Both cases have been recognized as causes within the depression. Certain situations can lead to an individual suffering a depressive episode, multifactorial stimuli that constitute stressors with affective value for the person affected.
The stress is an important factor to generate a depressive episode; however, this is linked to biological changes, both physiological and hormonal those are associated with the axis of the hypothalamus-pituitary-adrenal.
Therefore, among the causes of depression are genetic factors, psychosocial factors and chemical factors, that is, neurotransmitter alterations, which is what we are concerned with here.
For example, among the genetic factors, it is worth noting that the risk of morbidity in first degree patients increases in the studies performed and that some genetic markers have been found on different chromosomes, such as 2, 10, 11, 17 and 18 between others.
In addition, some association studies have highlighted the importance of gene polymorphisms such as that of the serotonin transporter in the genesis of depression.
In relation to the neurotransmitters, we can highlight the explanation that abnormal levels of some neurotransmitters such as serotonin (5-HT), noradrenalin or dopamine (which are neurotransmitters acting on neurons of the central nervous system) may be important to the time to explain the path physiology of depression.
Treatments for Depression
The main treatment of choice is pharmacotherapy, psychotherapy and electroconvulsive therapy.
Antidepressant drugs are classified into: tricycle antidepressants (TCAs), monoamine oxidize inhibitors (MAOIs) and selective serotonin reuptake inhibitors (SSRIs).
We found others such as IRNs, NAINs (NA and DA reuptake inhibitors), IRSNs (NA and 5-HT reuptake inhibitors), NaSSA (specific noradrenergic and serotonergic antidepressants), and ASIR (5-HT 2 antagonists / reuptake inhibitors).

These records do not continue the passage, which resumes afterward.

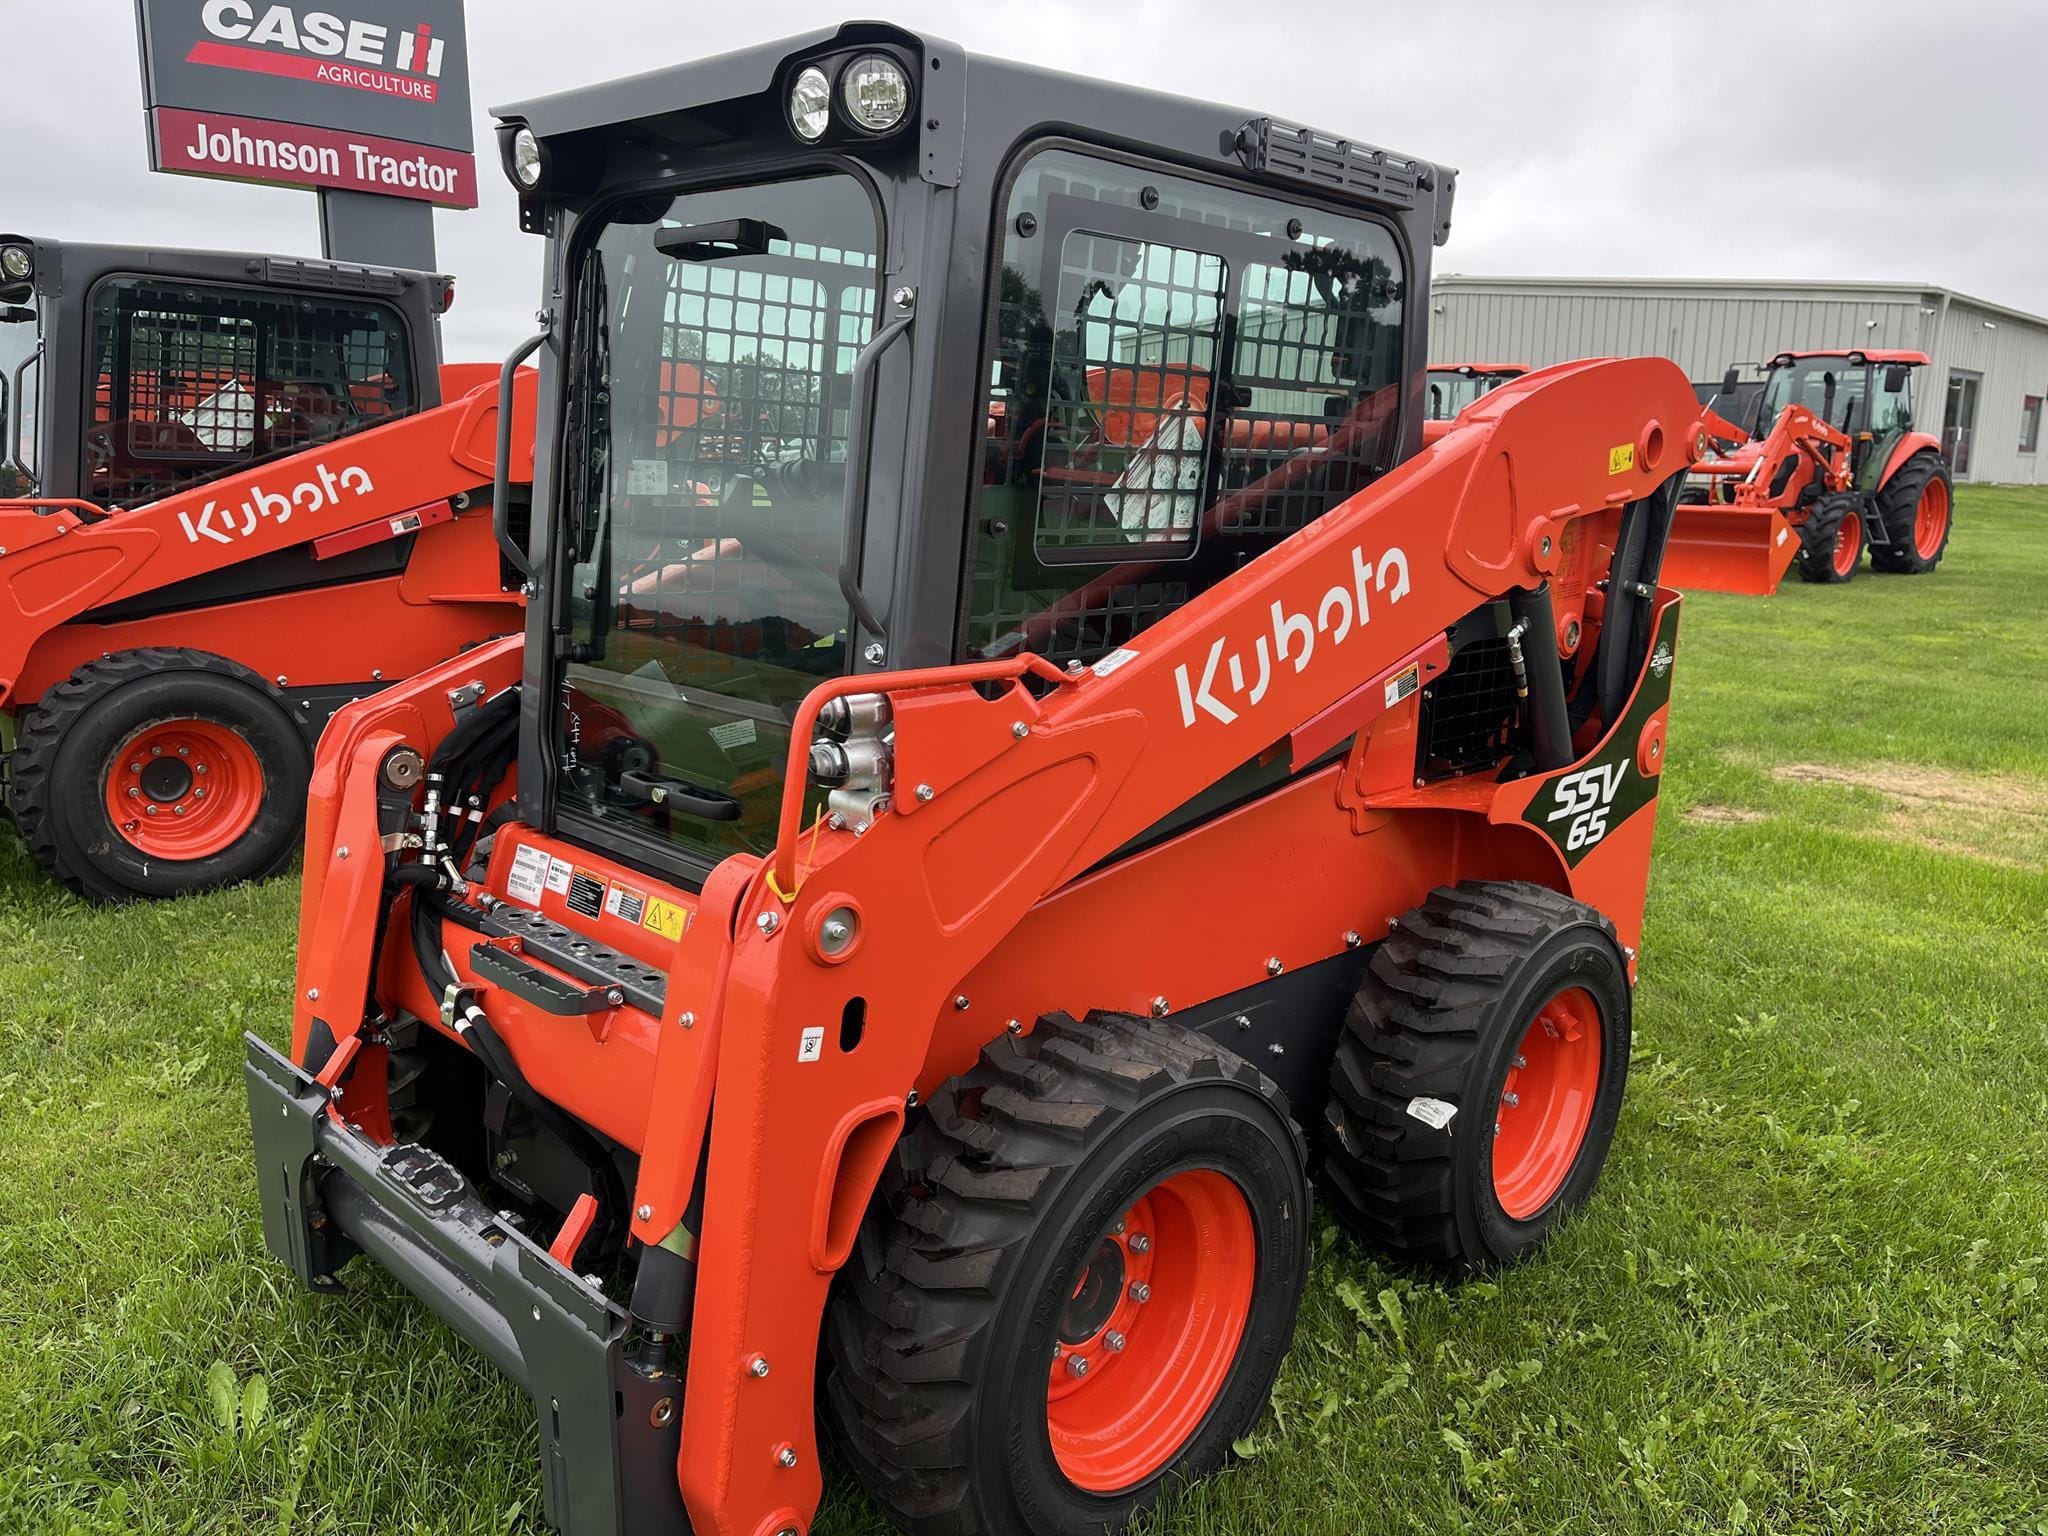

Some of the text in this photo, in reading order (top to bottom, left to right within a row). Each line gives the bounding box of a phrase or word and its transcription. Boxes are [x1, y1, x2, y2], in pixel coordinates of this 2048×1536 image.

[202, 0, 388, 65] CASE
[316, 64, 433, 100] AGRICULTURE
[187, 123, 458, 193] Johnson Tractor
[177, 463, 374, 544] Kubota
[1174, 545, 1411, 728] Kubota
[1547, 758, 1630, 822] SSV
[1567, 806, 1610, 851] 65
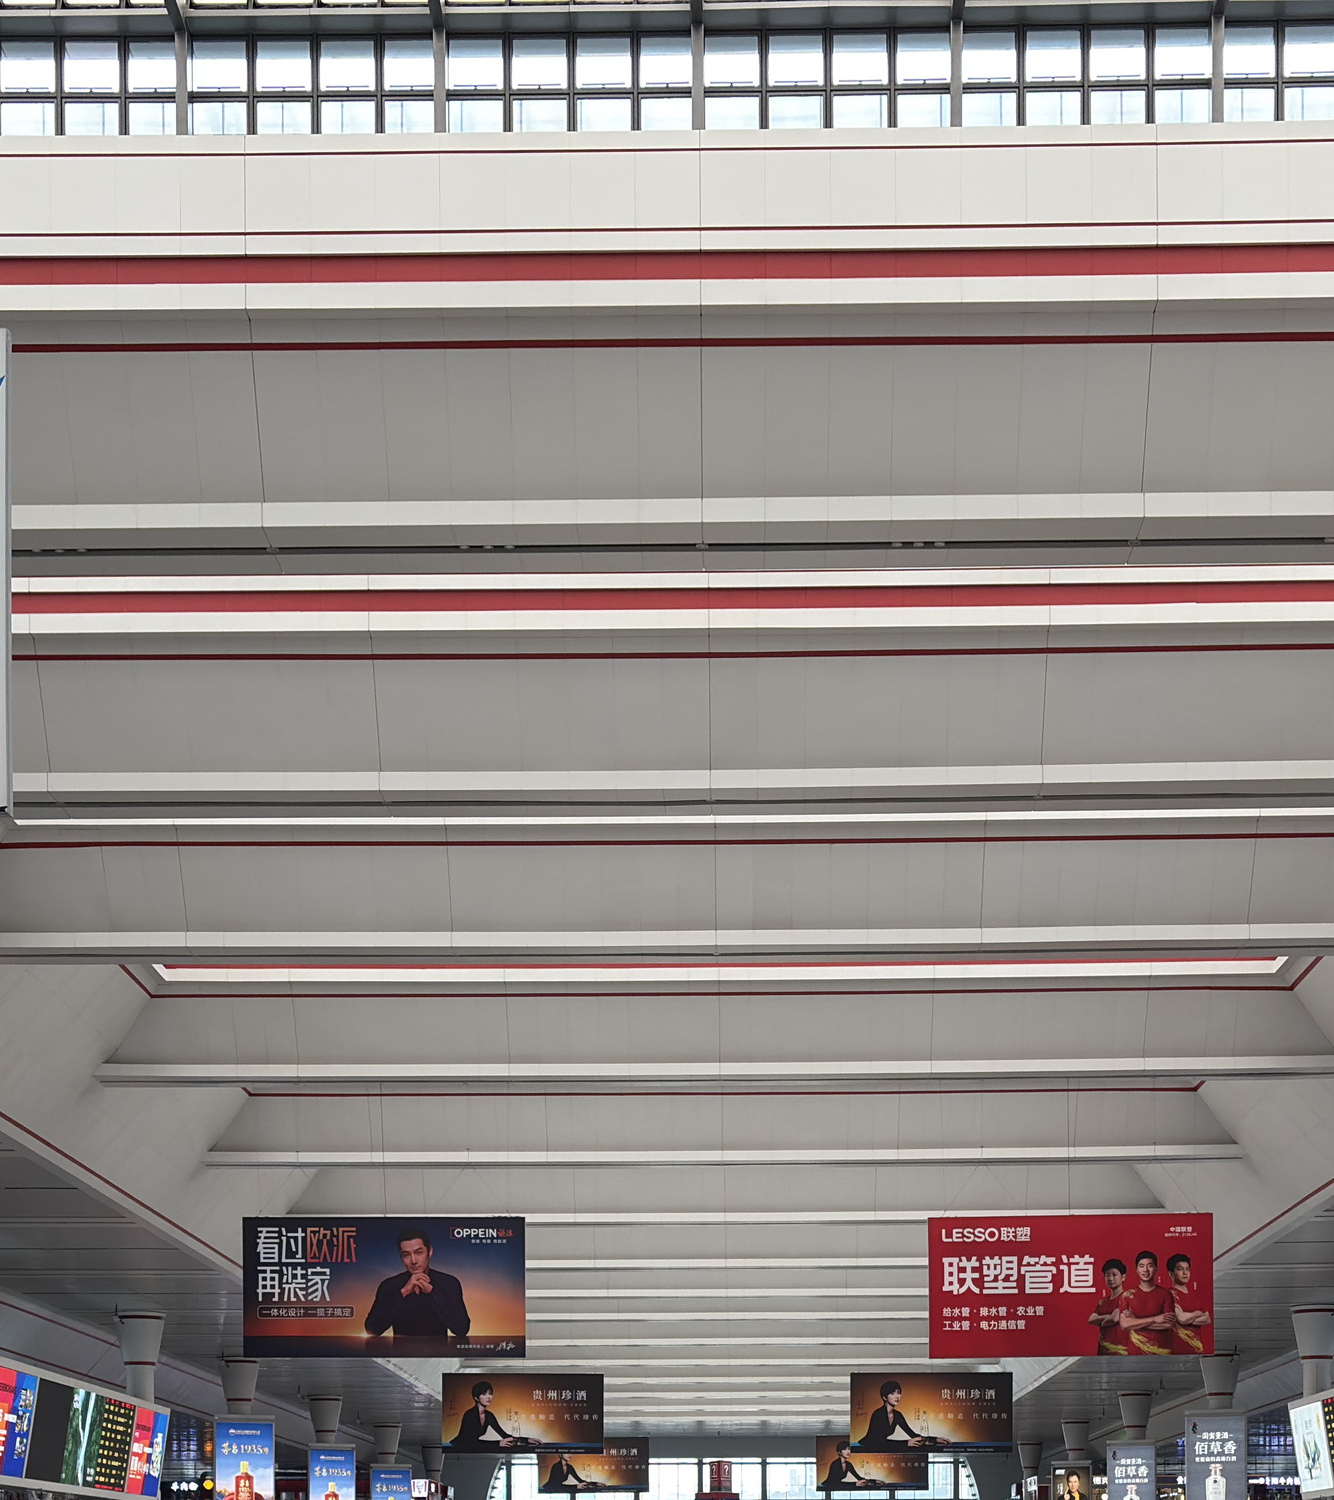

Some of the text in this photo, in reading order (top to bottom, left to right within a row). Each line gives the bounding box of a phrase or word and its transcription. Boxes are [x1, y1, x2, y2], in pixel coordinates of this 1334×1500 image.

[256, 1227, 357, 1263] 看过欧派
[454, 1228, 497, 1238] OPPEIN
[941, 1227, 1031, 1243] LESSO 联塑
[256, 1266, 331, 1302] 再装家
[942, 1254, 1096, 1295] 联塑管道

The hypothesis of monoamines as a psychobiological explanation of depression has dominated the knowledge about this disease in the last decades.
The first antidepressants (AD) started the era of treatment in depression, however, both MAOIs and TCAs, the former, were not designed to treat it but their effects were evidenced later.
From the dominant hypotheses the ADs were developed that have been differentiated between them by their mechanism of action and the selectivity on presynaptic and postsynaptic receptors.
In the 1950s, iproniazide, a drug to treat tuberculosis, was shown to improve mood , which led to its use being extended to treat depression. It was the first step for the synthesis of MAOIs and to generate it to treat depression.
In 1958 it was found that imimpramine also improved mood and the study of its mechanisms of action made it possible to formulate the theory of the monoaminergic hypothesis of depression and to synthesize the TCAs.
The pharmacological significance of the 5-HT transporter lies in the fact that the first-generation AD, ie tricycle’s, inhibited serotonin reuptake to a greater or lesser degree.
Although as we have seen these theories are not conclusively demonstrated and are probably very reductionist, they did allow the development of research in AD and based on theories developed the new AD, SSRIs.
These drugs possess the ability to inhibit and be selective in neuronal reuptake of serotonin by blocking the transporter. They have fewer side effects and therefore the adherence in patients is greater.
The latter, SSRIs, were developed looking for greater specificity on the serotoninergic system. Some examples are fluoxetine, paroxetine, sertraline or citalopram.